Maria Klein-Schmeink, stellvertretende Fraktionsvorsitzende und Sprecherin für Gesundheitspolitik:

„Die Grundidee der aktuellen, gesetzlich vorgesehenen Freihaltepauschalen ist gut. Es ist richtig, die bestmöglichste Versorgungsstufe sicherzustellen. Doch das derzeitige System unterstützt die überregionale und auch länderübergreifende Kooperation und die Umverteilung von Notfallpatientinnen und ‑patienten nicht ausreichend. Wir müssen jetzt dafür sorgen, dass Krankenhäuser aus Regionen mit geringer Auslastung ihre spezialisierten Versorgungskapazitäten freihalten, um im Falle der Überlastung in anderen Kreisen, auch in anderen Bundesländern, Notfallpatienten aufzunehmen. Jedes Krankenhaus, das Patienten in der entsprechenden Notfallstufe versorgt und dafür auch Kapazitäten vorhält, muss dafür eine finanzielle Absicherung erhalten.

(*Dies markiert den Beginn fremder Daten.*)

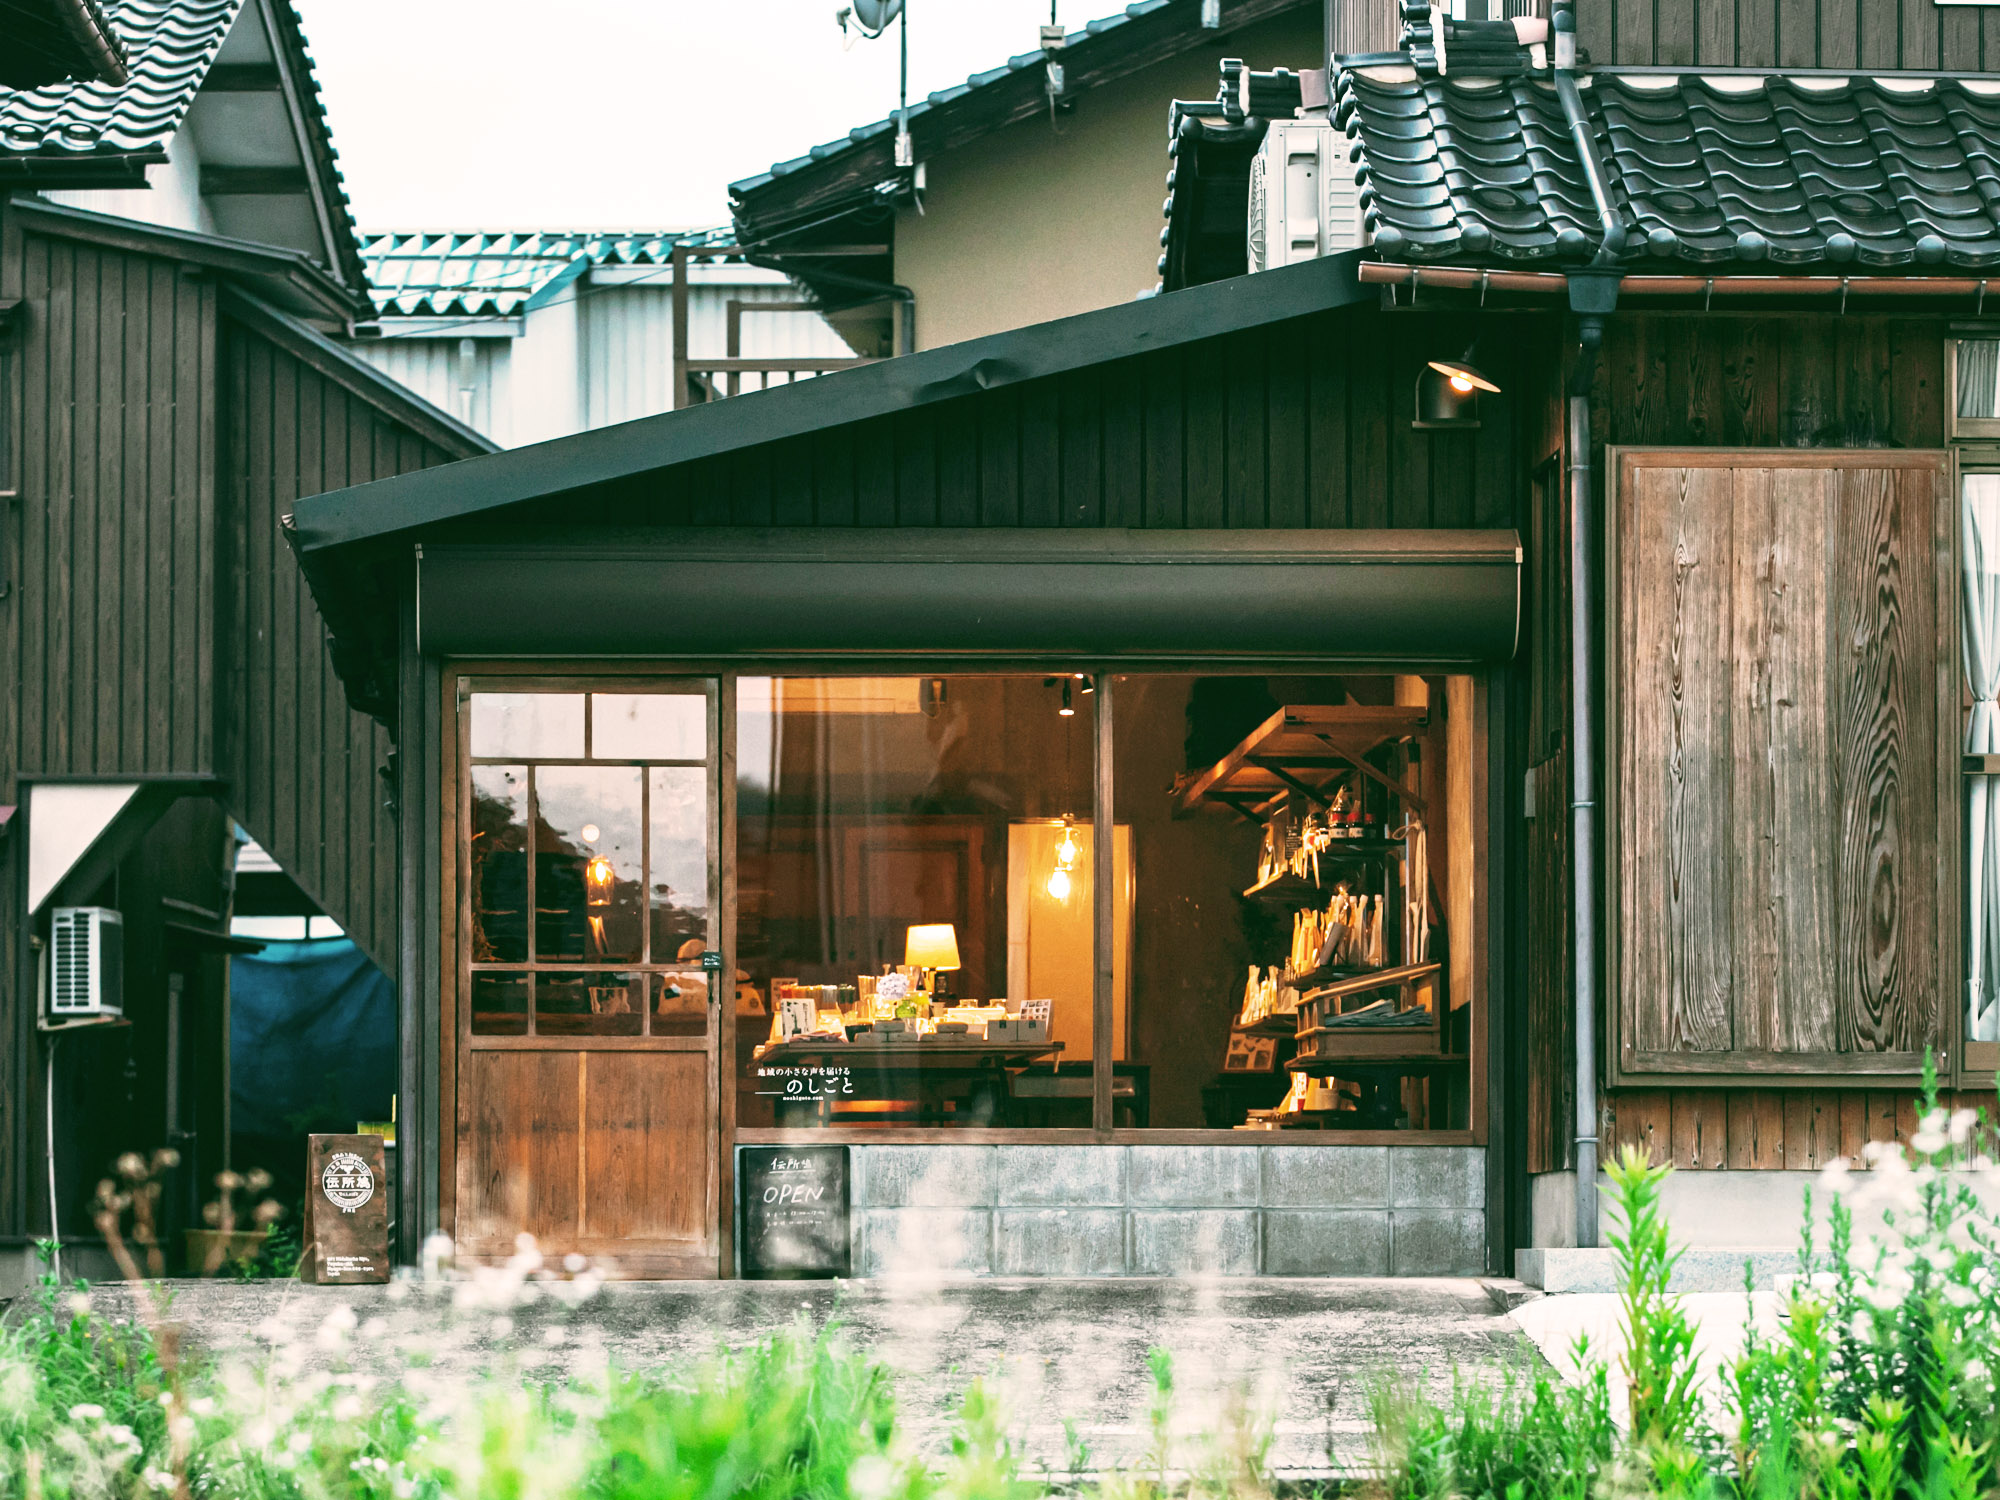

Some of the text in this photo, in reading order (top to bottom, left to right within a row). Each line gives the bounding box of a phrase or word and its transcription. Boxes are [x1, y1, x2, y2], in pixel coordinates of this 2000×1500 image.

[786, 1076, 854, 1095] のしごと
[763, 1183, 825, 1206] OPEN

Das bisherige Ausgleichssystem muss auf die zugespitzte Versorgungslage reagieren. Wenn also die Universitätsklinik in Lübeck und Kiel oder in Rostock und Greifswald freie Kapazitäten hat, sollen auch Patientinnen und Patienten, die in Bremen, Hamburg oder Berlin nur noch begrenzt behandelt werden können, dort versorgt werden. Die Politik muss die Anreize so gestalten, dass Vorhaltung und gegenseitige Entlastung, also echte Sicherstellung der Daseinsvorsorge belohnt wird.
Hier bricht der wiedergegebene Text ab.